No todo lo sublime acaricia. A veces, la belleza abruma. El síndrome de Stendhal —nombrado así por el escritor francés que quedó emocionalmente desbordado tras contemplar el arte florentino— es un trastorno psicosomático que desafía nuestras nociones sobre la sensibilidad humana: no se trata de una enfermedad, sino de una revelación insoportable.

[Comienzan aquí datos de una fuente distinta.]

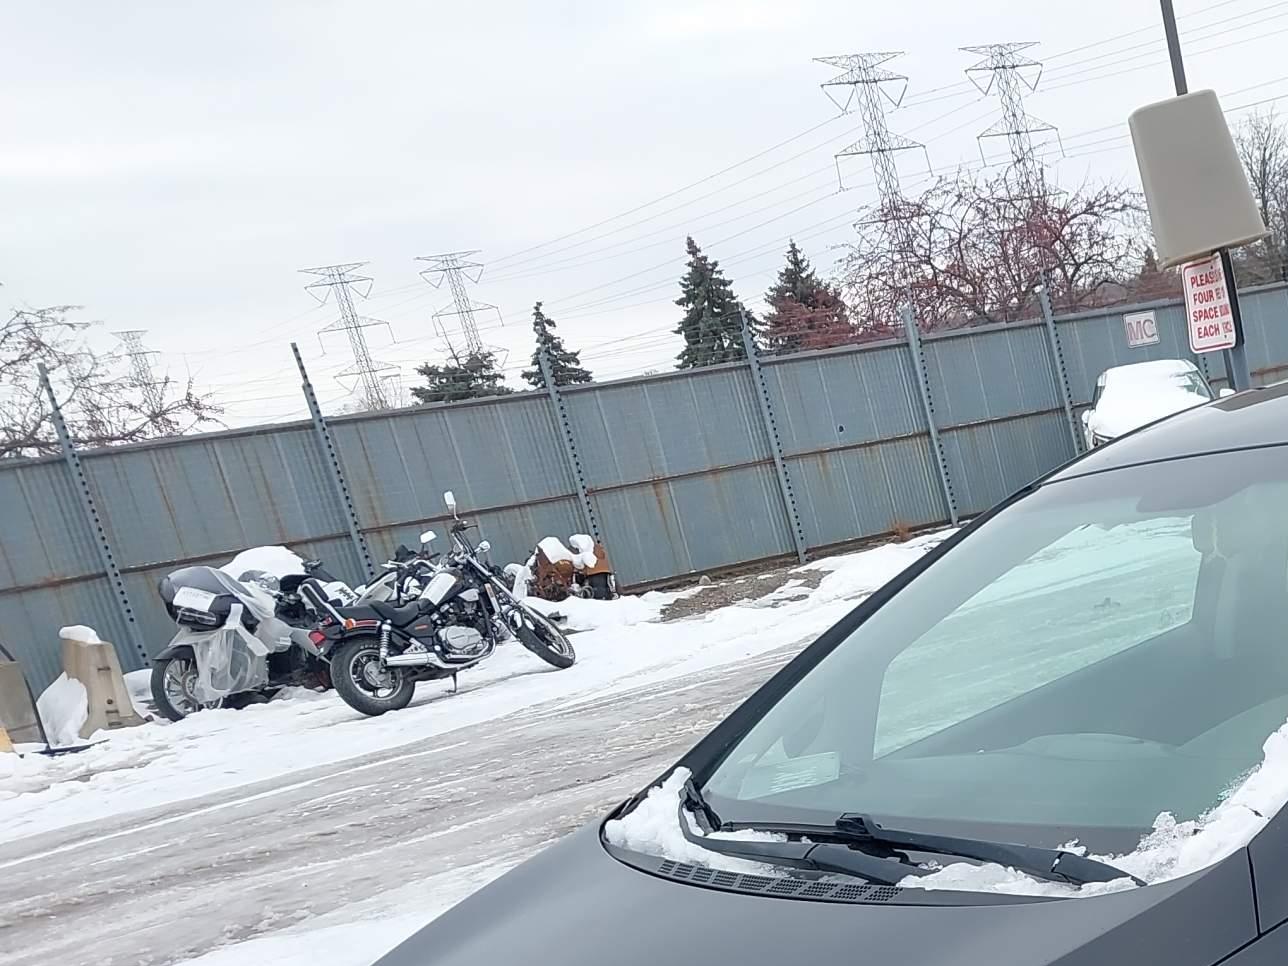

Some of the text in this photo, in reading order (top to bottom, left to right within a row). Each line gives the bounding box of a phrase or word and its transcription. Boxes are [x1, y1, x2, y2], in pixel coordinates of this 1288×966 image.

Quienes lo padecen no solo observan una obra de arte; la
habitan, se disuelven en ella. Su cuerpo reacciona como si hubiese cruzado un
umbral: taquicardia, vértigo, sudor frío, desorientación, incluso
alucinaciones. La experiencia estética se vuelve exceso. Belleza que en lugar
de elevar, derrumba.
Las víctimas del síndrome suelen ser turistas —sensibles,
agotados, expuestos— que se enfrentan de golpe a siglos de genialidad
concentrados en una pintura, una cúpula o una escultura. La mirada no alcanza a
contener tanto, y el alma, desbordada, cae en una crisis.
Pero ¿qué nos dice esto sobre nosotros? Tal vez que seguimos
siendo profundamente vulnerables a lo que no podemos controlar: el arte, lo
sublime, lo eterno. En una era de pantallas planas y emociones dosificadas, el
síndrome de Stendhal nos recuerda que hay imágenes capaces de atravesarnos más
allá de toda defensa racional.
Es un colapso, sí, pero también una forma extrema de
conexión. Una herida abierta por la belleza.